In 1215, a group of revolutionary English barons met to create a document that would transform the nature of civil liberties. The Magna Carta limited the power of the monarchy in order to advance the rights of the individual, which it accomplished through a series of regulations. Exactly eight centuries later, it seems as if this same issue of individual rights is up for debate. In a sort of birthday present to the Magna Carta, the Conservative U.K. government has announced plans to scrap the Human Rights Act in favor of a British Bill of Rights. By abandoning the Human Rights Act, however, the British government takes a risky gamble, endangering both the integrity of the United Kingdom’s own human rights policy and the operation of the European Human Rights Court as a whole.

The Human Rights Act, signed in 1998, aims to incorporate the 1950 European Convention on Human Rights into the U.K. legal system. The Act has two major elements: it states that British public bodies (such as the courts, police, and NHS) need to abide by the basic human rights set out in the convention, and requires that the judiciary branch take into consideration the decisions of the European Court of Human Rights. The Court, based in Strasbourg, hears cases in which a state has breached one or more of the human rights set out in the convention. Through the Human Rights Act, human rights cases presented under the European Convention of Human Rights can be heard in British courts, but the British courts must listen to the rulings of the Strasbourg Court. In essence, the Human Rights Act maintains the authority of this European court throughout the British justice system.

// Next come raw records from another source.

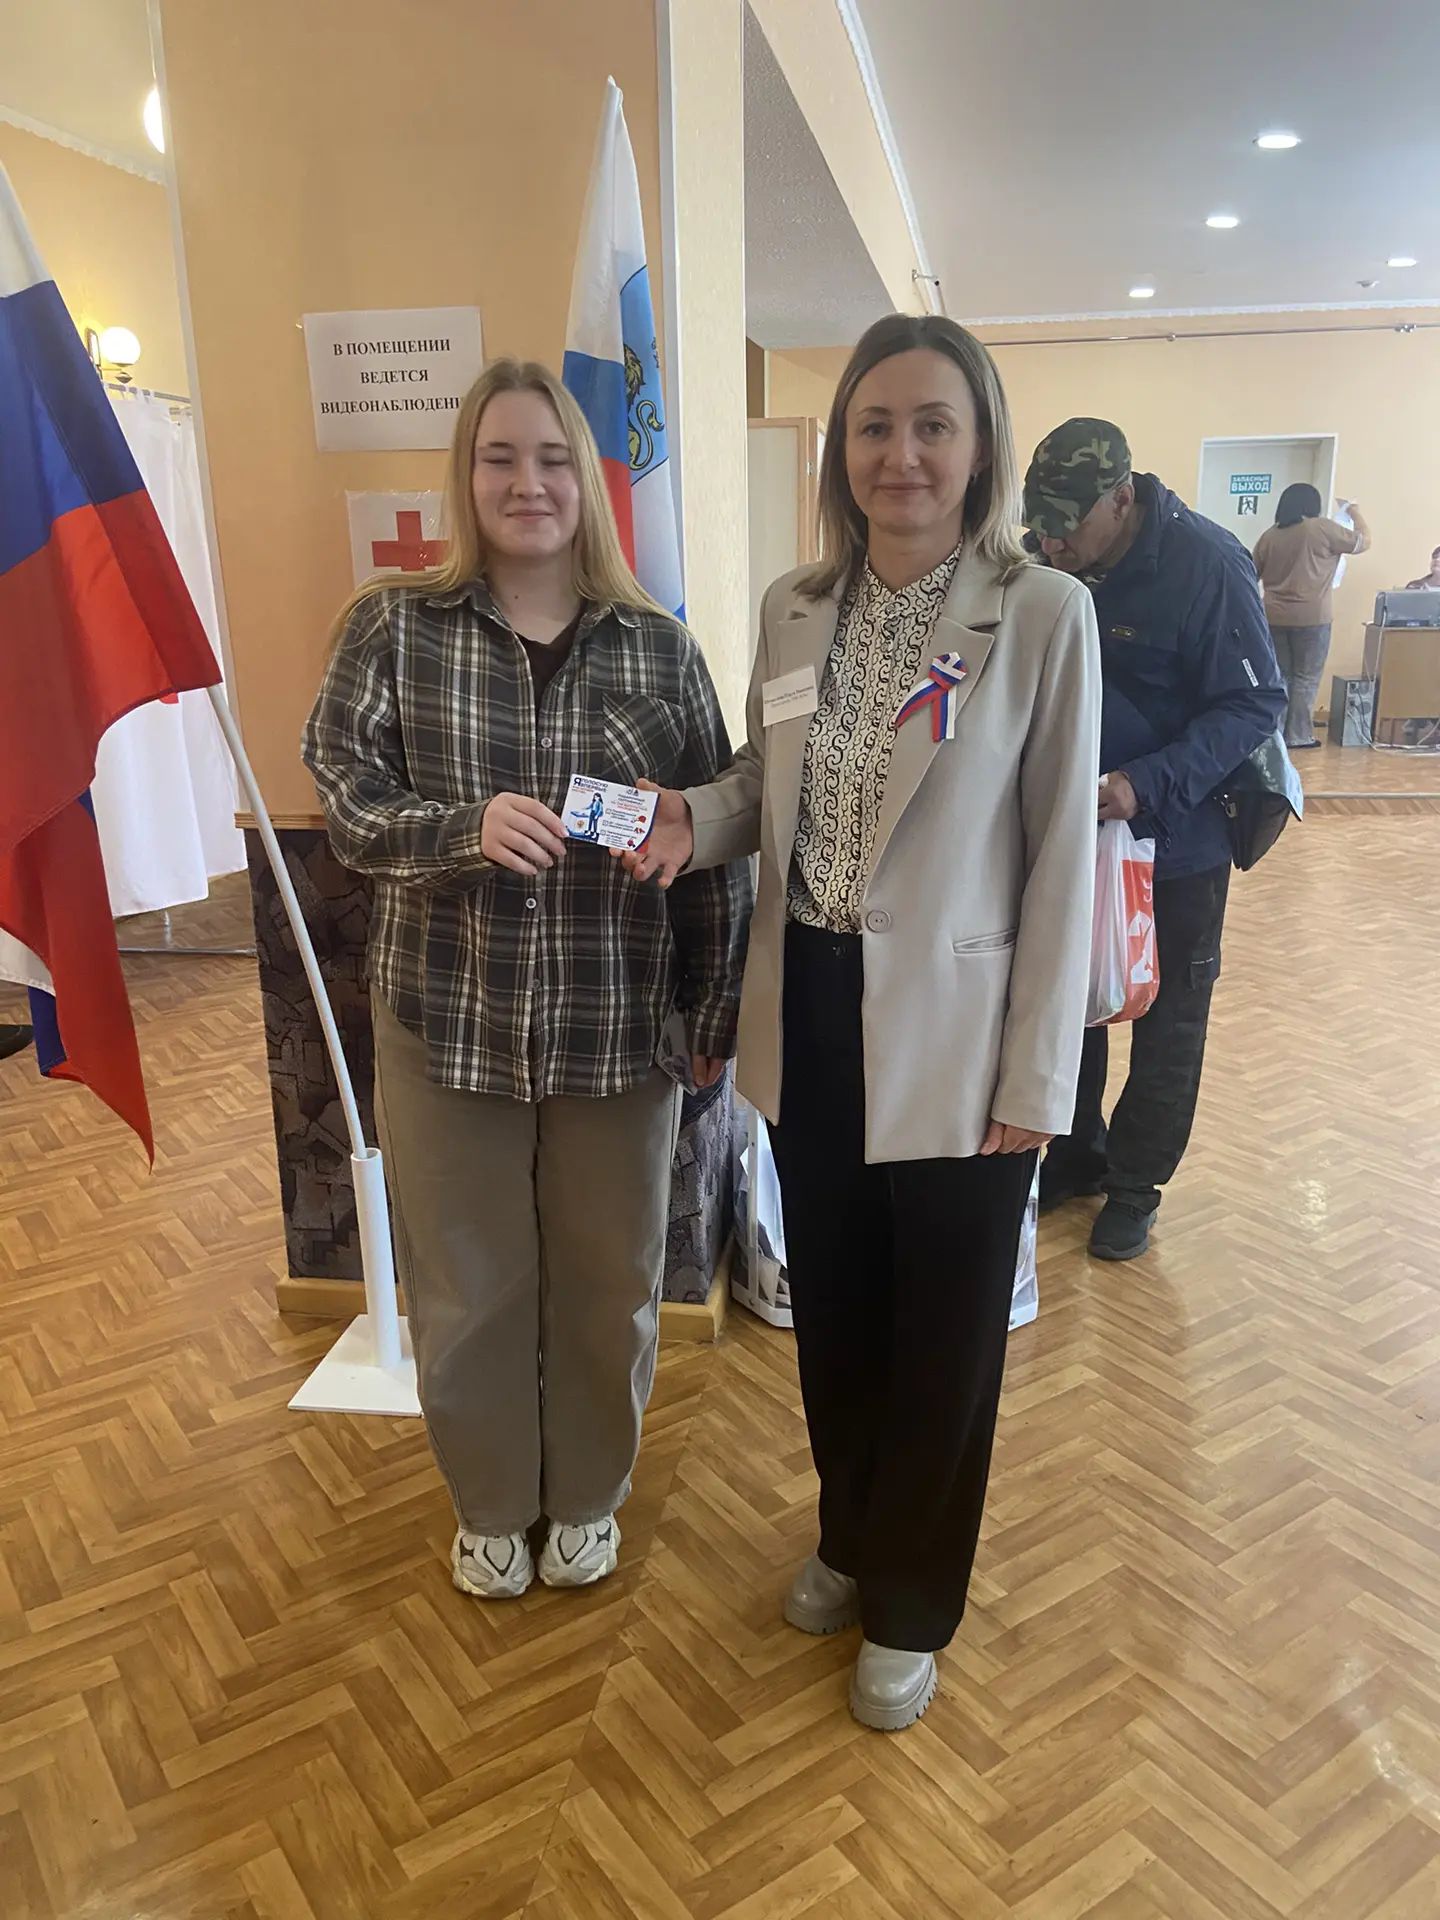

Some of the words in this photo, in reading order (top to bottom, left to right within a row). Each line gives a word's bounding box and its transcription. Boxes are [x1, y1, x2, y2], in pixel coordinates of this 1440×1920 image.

[333, 344, 342, 356] В
[347, 339, 450, 355] ПОМЕЩЕНИИ
[361, 369, 429, 384] ВЕДЕТСЯ
[321, 397, 460, 415] ВИДЕОНАБЛЮДЕН
[1231, 482, 1269, 492] ВЫХОД
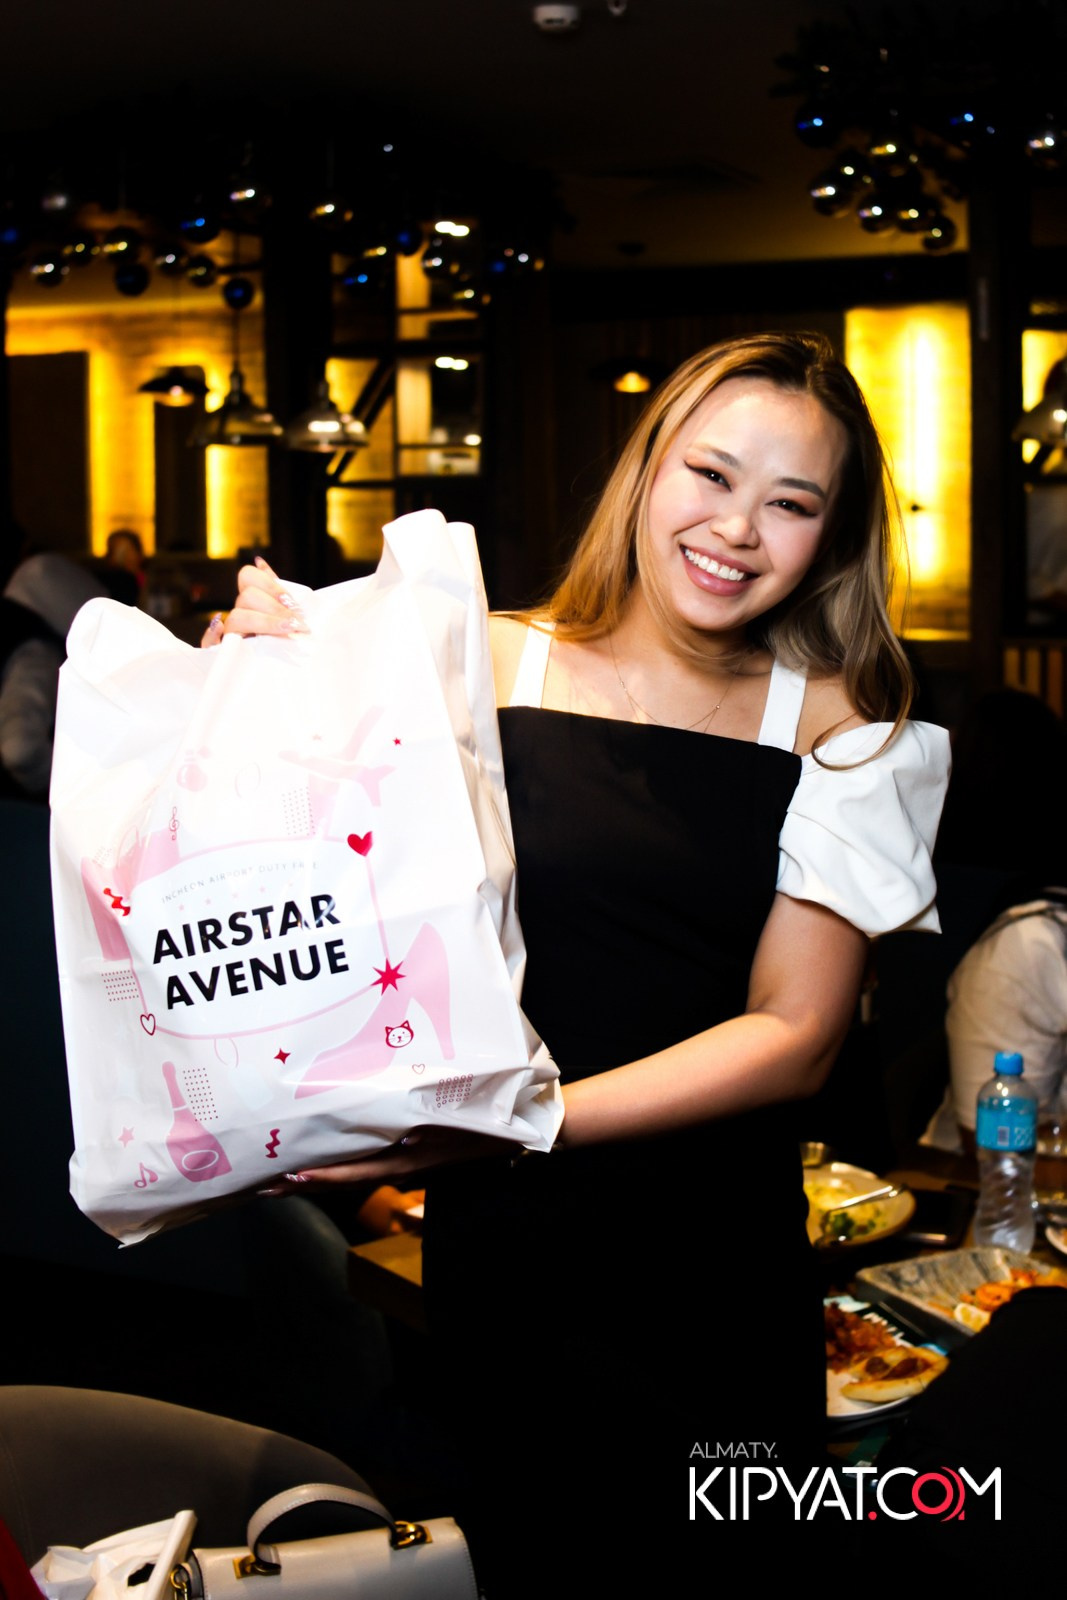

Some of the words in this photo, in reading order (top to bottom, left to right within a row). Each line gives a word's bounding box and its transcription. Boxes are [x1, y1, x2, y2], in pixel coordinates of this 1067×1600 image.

[161, 879, 205, 904] INCHEON
[258, 863, 287, 873] DUTY
[292, 860, 319, 870] FRE
[153, 894, 341, 965] AIRSTAR
[166, 938, 349, 1010] AVENUE

British PM David Cameron has put forward plans to abolish the Human Rights Act in favor of a new British Bill of Rights. David Cameron’s most outspoken objection to the Human Rights Act is the very presence of an international voice in Britain’s justice system: he is opposed to the Strasbourg Court’s power to enforce rulings over the British Supreme Court. Additionally, abolishing the Human Rights Act plays a role as part of Cameron’s greater political plan to make the UK more independent from the European Union and other European political entities (like the European Convention on Human Rights). Other reasons for creating the British Bill of Rights involve Conservative objections to certain demands of the Strasbourg Court, such as prisoners having the right to vote, and deportation cases such as Abu Qatada, who used the provisions under Strasbourg to delay his deportation to Jordan on terrorism charges.

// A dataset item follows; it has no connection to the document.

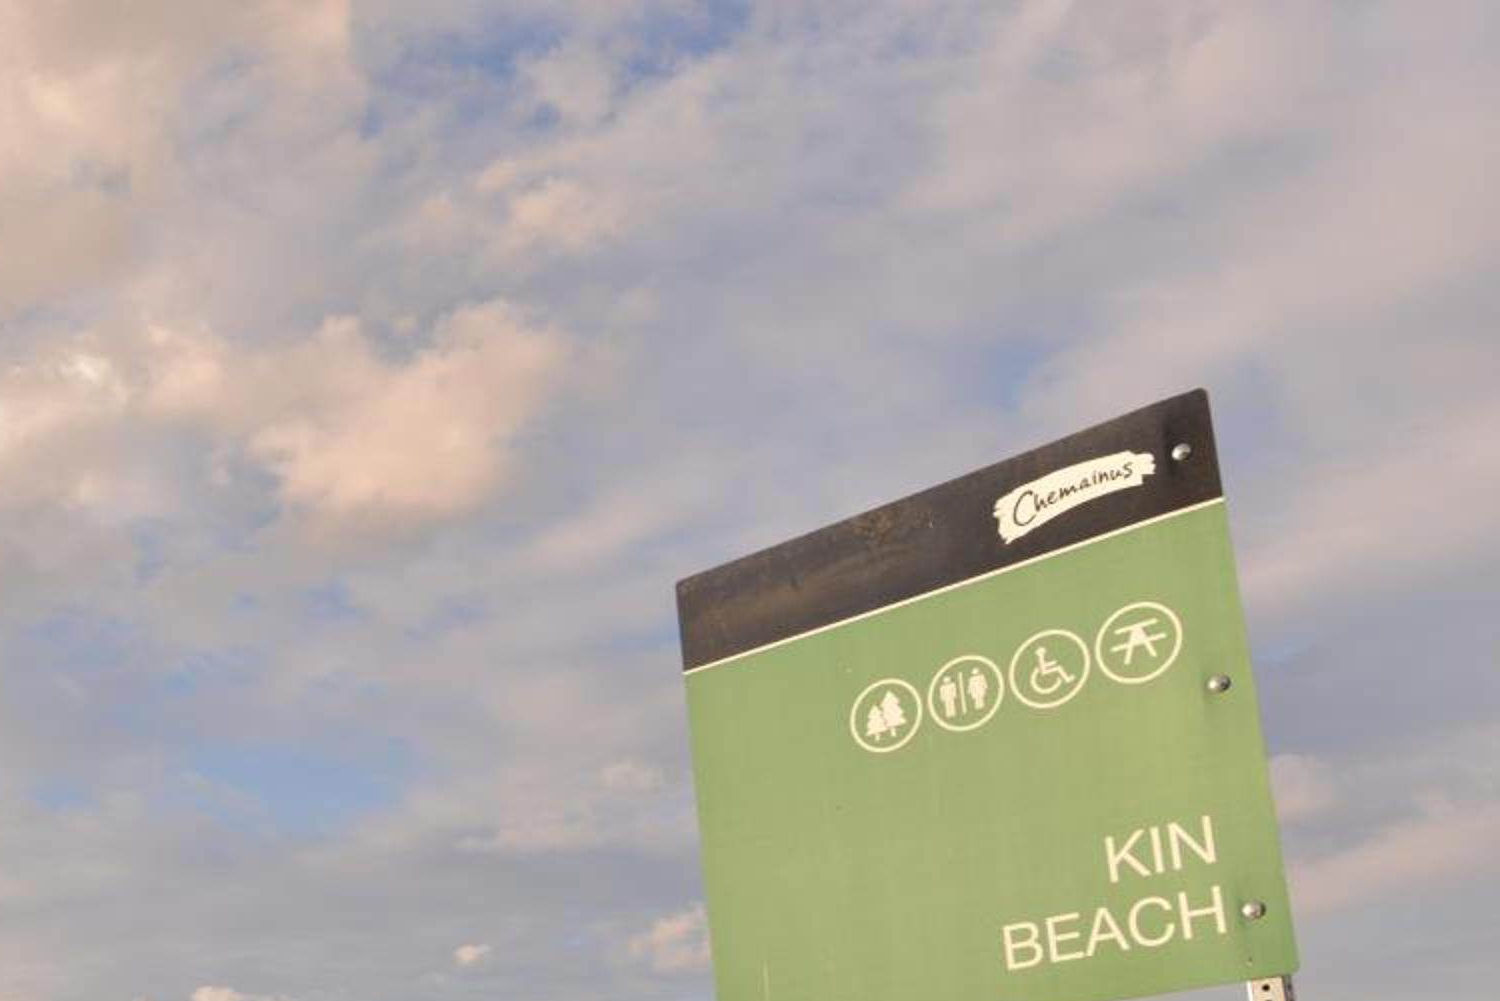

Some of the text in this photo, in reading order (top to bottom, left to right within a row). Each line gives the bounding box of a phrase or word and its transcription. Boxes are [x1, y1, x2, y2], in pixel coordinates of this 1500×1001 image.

[1013, 460, 1134, 527] Chemainus
[1104, 815, 1217, 883] KIN
[1003, 885, 1227, 971] BEACH

The idea has come under mass criticism from a variety of opponents. Tim Hancock, the director of Amnesty UK, has pointed out the danger of altering the Human Rights Act because it allows politicians the opportunity to change said rights. Hancock asserts, “It’s exasperating to hear the prime minister vow to tear up the Human Rights Act again – so he can draft ‘his own’. Human rights are not in the gift of politicians to give. They must not be made a political plaything to be bestowed or scrapped on a whim.” It is also unclear exactly which rights (if any) would be specifically changed by the proposed British Bill. If no rights are changed, the Bill would be irrelevant. If some human rights are changed, however, this puts in jeopardy the current human rights standard upheld in the U.K., and officials like Hancock are concerned that the standard will deteriorate as rights are removed or altered as decided by the government.

In addition to awarding the government the power to potentially draft a new set of human rights standards, the action would break the formal link between the Strasbourg Court and the British courts. Cameron has two options if he does manage to pass his plans: either he can abolish the HRA – thus decreasing the authority of the Strasbourg Court – and still maintain membership in the European Convention of Human Rights, or he can pull out of the convention altogether. If membership is maintained, people who wanted to bring up human rights cases under the European Convention of Human Rights would have to go to Strasbourg to do so instead of presenting in front of a delegation in Britain, which would be a much more inconvenient and time-consuming process.

If the UK pulled out of the European Convention altogether, scrapping the Human Rights Act could also have serious international repercussions. Dominic Grieve, a Conservative MP and former attorney general, suggests, “Our [Conservative party] intent, if pursued, threatens to make the [European Convention on human rights] inoperable. In order for [the convention] to work, it is dependent on peer group pressure. If the UK will not observe and promote its terms, why should other member states?” The United Kingdom is a world leader, and so its example matters. If it were to get rid of the Human Rights Act, and put in place its own Bill of Rights, other countries with less stable governments (and less of a universal perception of which human rights are necessary) might do the same, with catastrophic consequences for the international upholding of human rights.

It seems clear that abolishing the Human Rights Act presents more problems than it would solve. Human rights are promised to all British citizens and residents without question, something that makes their democratic country so special. Europe is in chaos already, with the refugee crisis and economic problems. It is not the time for a human rights overhaul that would have continental repercussions. Why mess with a system that is, for the most part, working? It’s important to remember that it is not 1215, it is 2015 – and Britain already has a means of balancing governmental power with the rights of the individual without signing a new charter.